All Saints' Church is an Anglican church in Madeley, Staffordshire, England, and in the Diocese of Lichfield. The building dates mostly from the 14th and 15th centuries, and the chancel was rebuilt in the 19th century. It is Grade I listed.

==Description==
A church on the site is first recorded in the late 10th century. The earliest surviving part of the church, the arcade on the north side of the nave, dates from the late 12th century. The wide, pointed chancel arch is early 13th century, and the north aisle is of the 14th century. There are north and south transepts (unusual in a small parish church) dating from the 15th century; also of the 15th century are the north chancel chapel (now a vestry), the clerestory, and the tower.

===Monuments===
There is in the north transept an alabaster tomb chest for Randolph Egerton (died 1512) and his wife; in the south transept, a memorial to John Offley (died 1688); in the floor, a brass to John Egerton (died 1518) and his wife; and on the east wall, tablets to Sir Holland Egerton of the Egerton family (died 1730) and his wife.

===Restoration===
In restoration of 1872 largely funded by Lord Crewe, the chancel, originally of the 13th century, was rebuilt by Charles Lynam. It has a panelled, painted ceiling, and the east window is by Clayton and Bell. The window in the west end of the south aisle is by Morris & Co. and has figures by William Morris, Ford Madox Brown and Edward Burne-Jones.

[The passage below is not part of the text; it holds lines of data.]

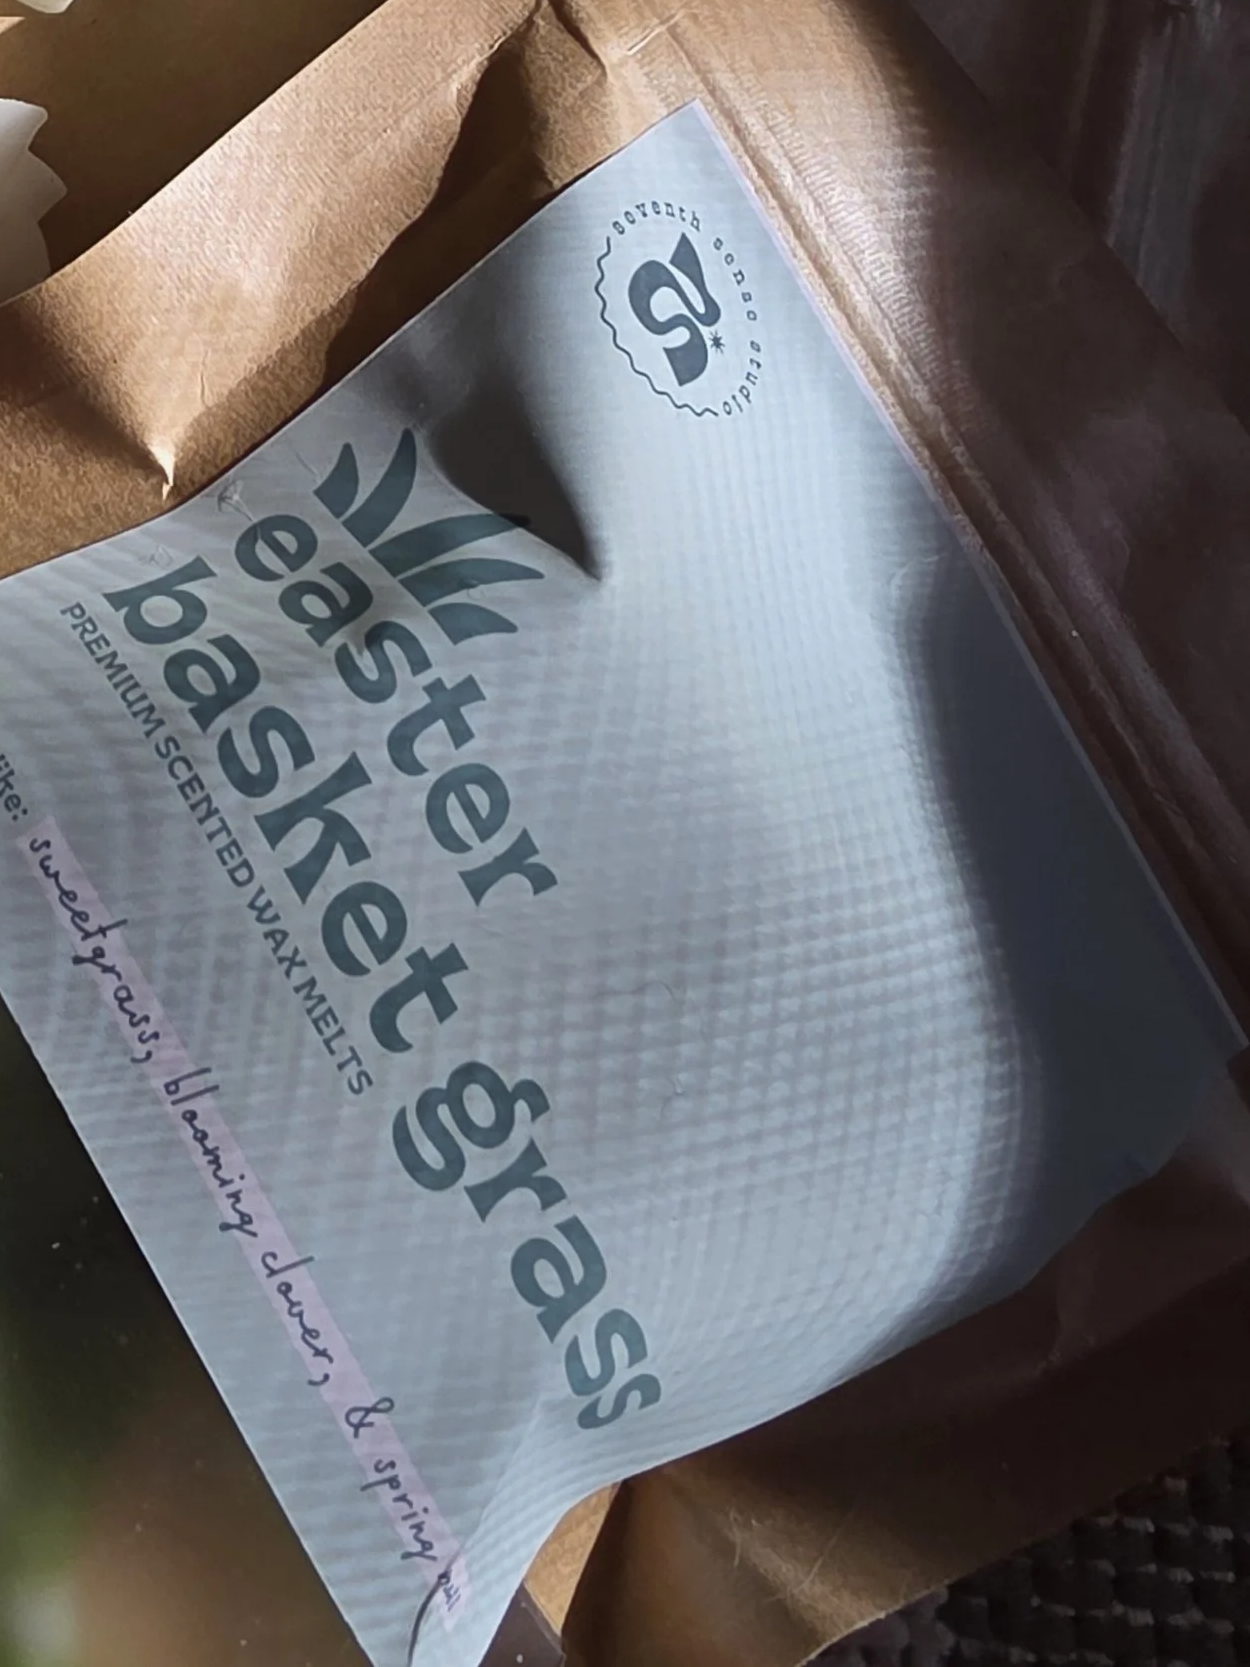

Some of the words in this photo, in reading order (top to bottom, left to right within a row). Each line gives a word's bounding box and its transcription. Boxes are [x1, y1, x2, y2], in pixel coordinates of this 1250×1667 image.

[234, 514, 558, 907] easter
[60, 602, 166, 739] PREMIUM
[154, 734, 257, 888] SCENTED
[246, 886, 311, 978] WAX
[293, 975, 374, 1097] MELTS
[29, 836, 160, 1064] sweetgrass,
[103, 556, 469, 1055] basket
[392, 1059, 662, 1432] grass
[163, 1067, 258, 1239] blooming
[261, 1251, 335, 1388] clover,
[344, 1396, 395, 1439] &
[359, 1458, 439, 1562] spring

During 2007 to 2009, a new reredos was installed, replacing the 1872 reredos that was later lost; new lighting was installed; and hidden tile work of 1872 in the chancel was revealed.

== Vicars ==

John William Daltry (1804–1879) became vicar in 1833 and served until 1879. His son, Thomas William Daltry (1833–1904; also a noted entomologist) was assistant curate from 1861 to 1880, then vicar until 1904.